* [Items listed in a dataset]:
◆ ◆ ◆ ◆ ◆

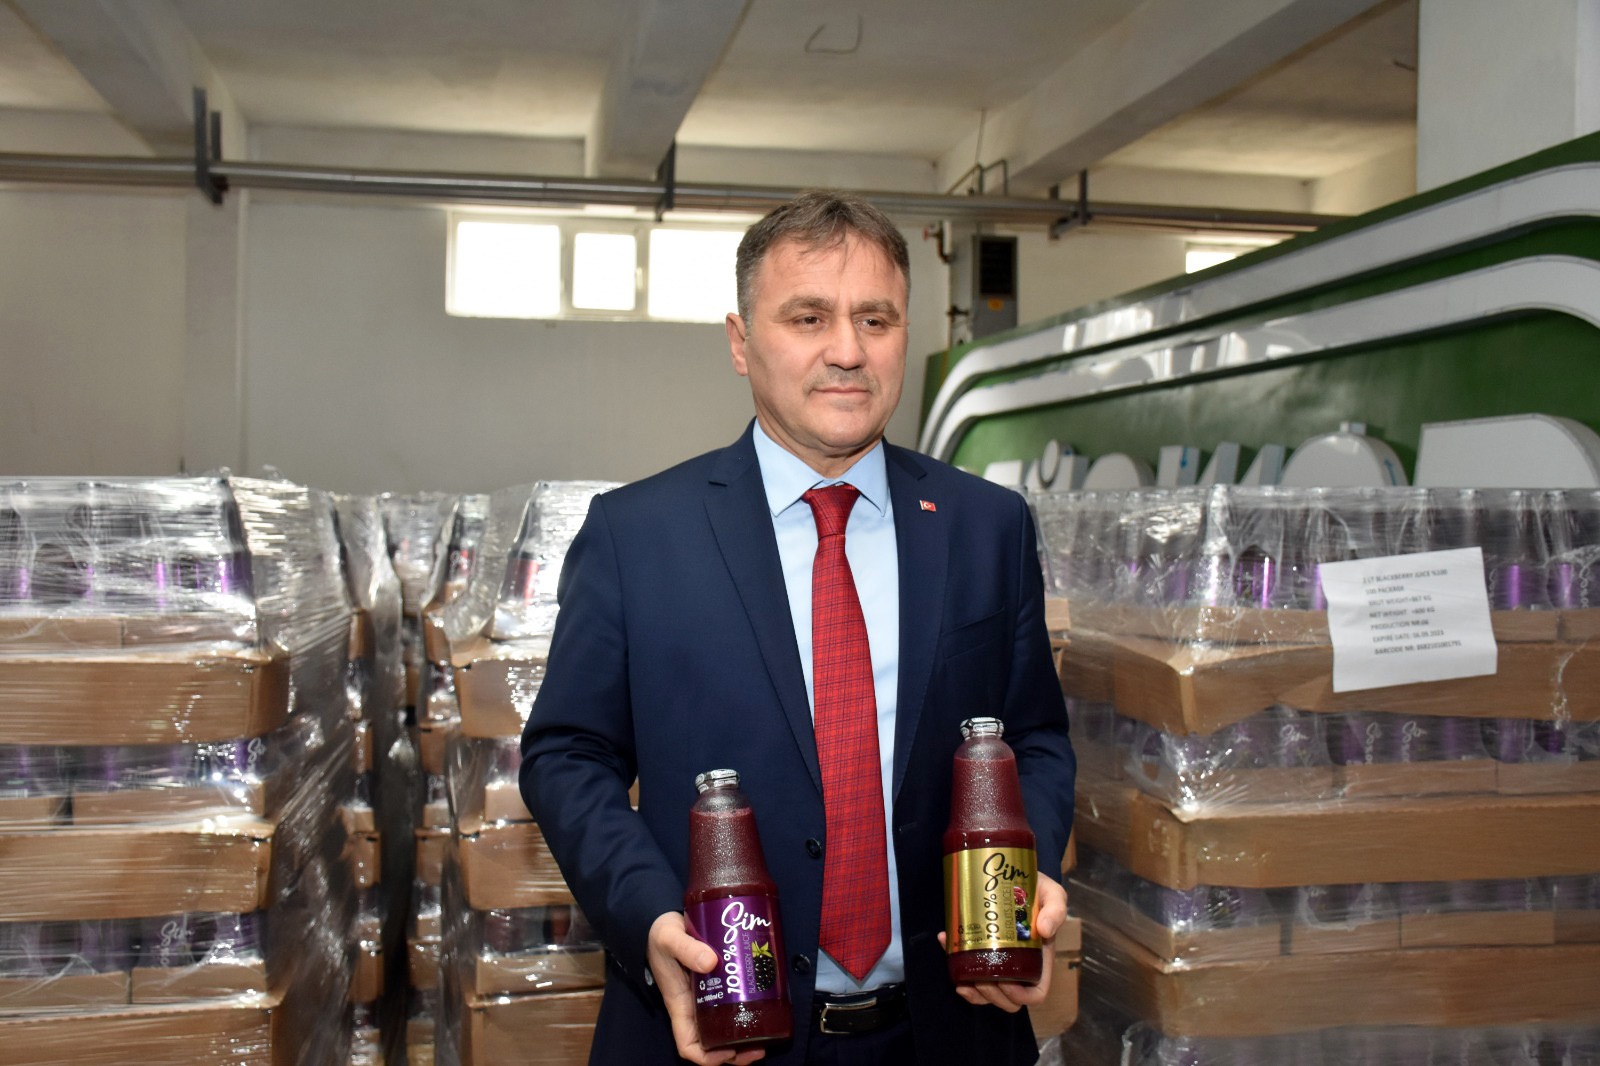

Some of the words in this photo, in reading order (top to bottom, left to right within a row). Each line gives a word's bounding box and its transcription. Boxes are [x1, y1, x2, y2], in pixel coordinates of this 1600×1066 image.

[1375, 573, 1414, 582] BLACKBERRY
[1383, 608, 1407, 617] WEIGHT
[1370, 620, 1410, 630] PRODUCTION
[1373, 634, 1393, 643] EXPIRE
[1375, 645, 1403, 655] BARCODE
[982, 852, 1030, 892] Sim
[721, 901, 772, 944] Sim
[984, 894, 1001, 940] 100%
[742, 933, 752, 951] JUICE
[723, 944, 743, 994] 100%
[744, 953, 756, 994] BLACKBERRY
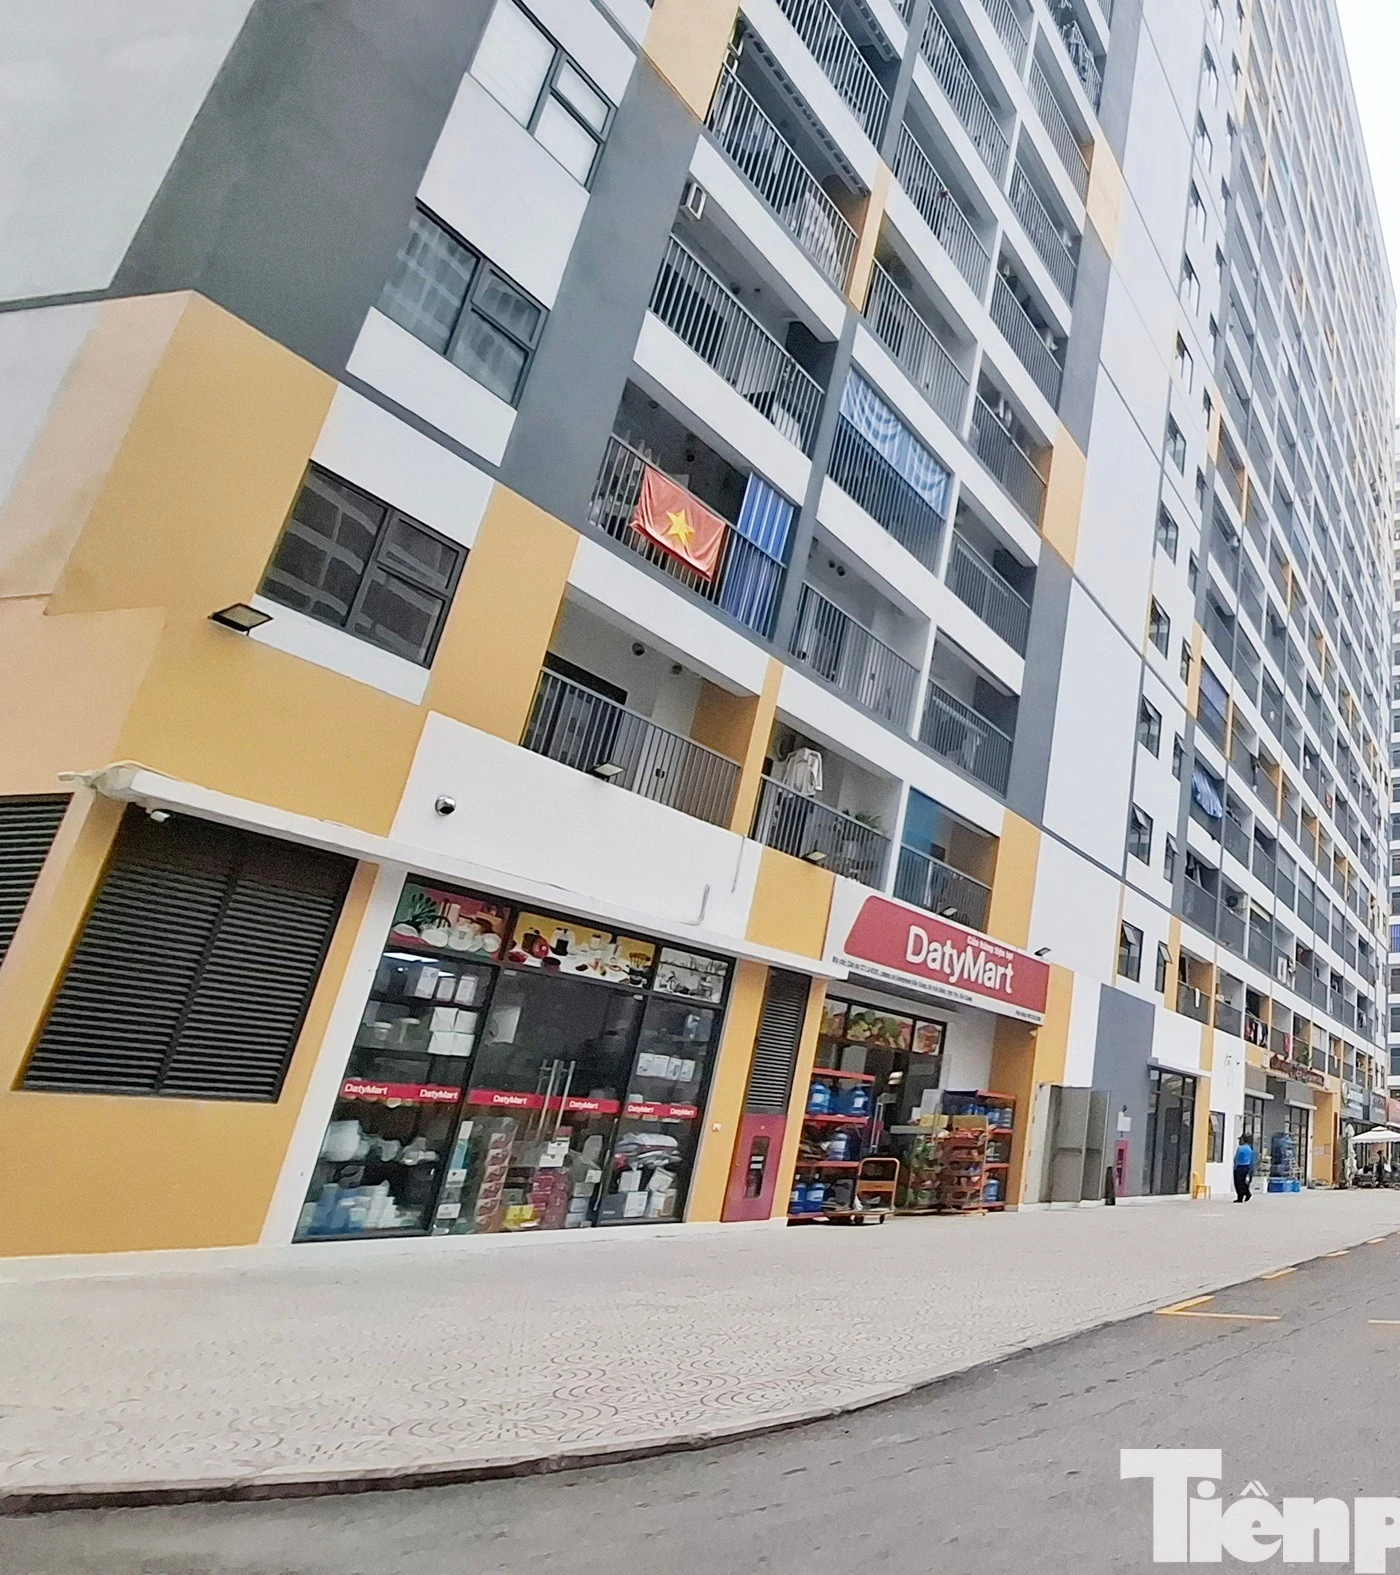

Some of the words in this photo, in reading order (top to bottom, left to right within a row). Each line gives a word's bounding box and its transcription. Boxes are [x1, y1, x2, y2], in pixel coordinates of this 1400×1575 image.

[906, 925, 1014, 994] DatyMart
[345, 1083, 388, 1095] DatyMart
[420, 1089, 458, 1100] DatyMart
[493, 1094, 527, 1105] DatyMart
[569, 1100, 598, 1110] DatyMart

◆ ◆ ◆ ◆ ◆

* [Instructions for the task]: Where the records above contain a line with "this 1400×1575 image.", repeat that line and each later line through the end, exactly, and nothing more.

* [Response box]:
Some of the words in this photo, in reading order (top to bottom, left to right within a row). Each line gives a word's bounding box and its transcription. Boxes are [x1, y1, x2, y2], in pixel coordinates of this 1400×1575 image.

[906, 925, 1014, 994] DatyMart
[345, 1083, 388, 1095] DatyMart
[420, 1089, 458, 1100] DatyMart
[493, 1094, 527, 1105] DatyMart
[569, 1100, 598, 1110] DatyMart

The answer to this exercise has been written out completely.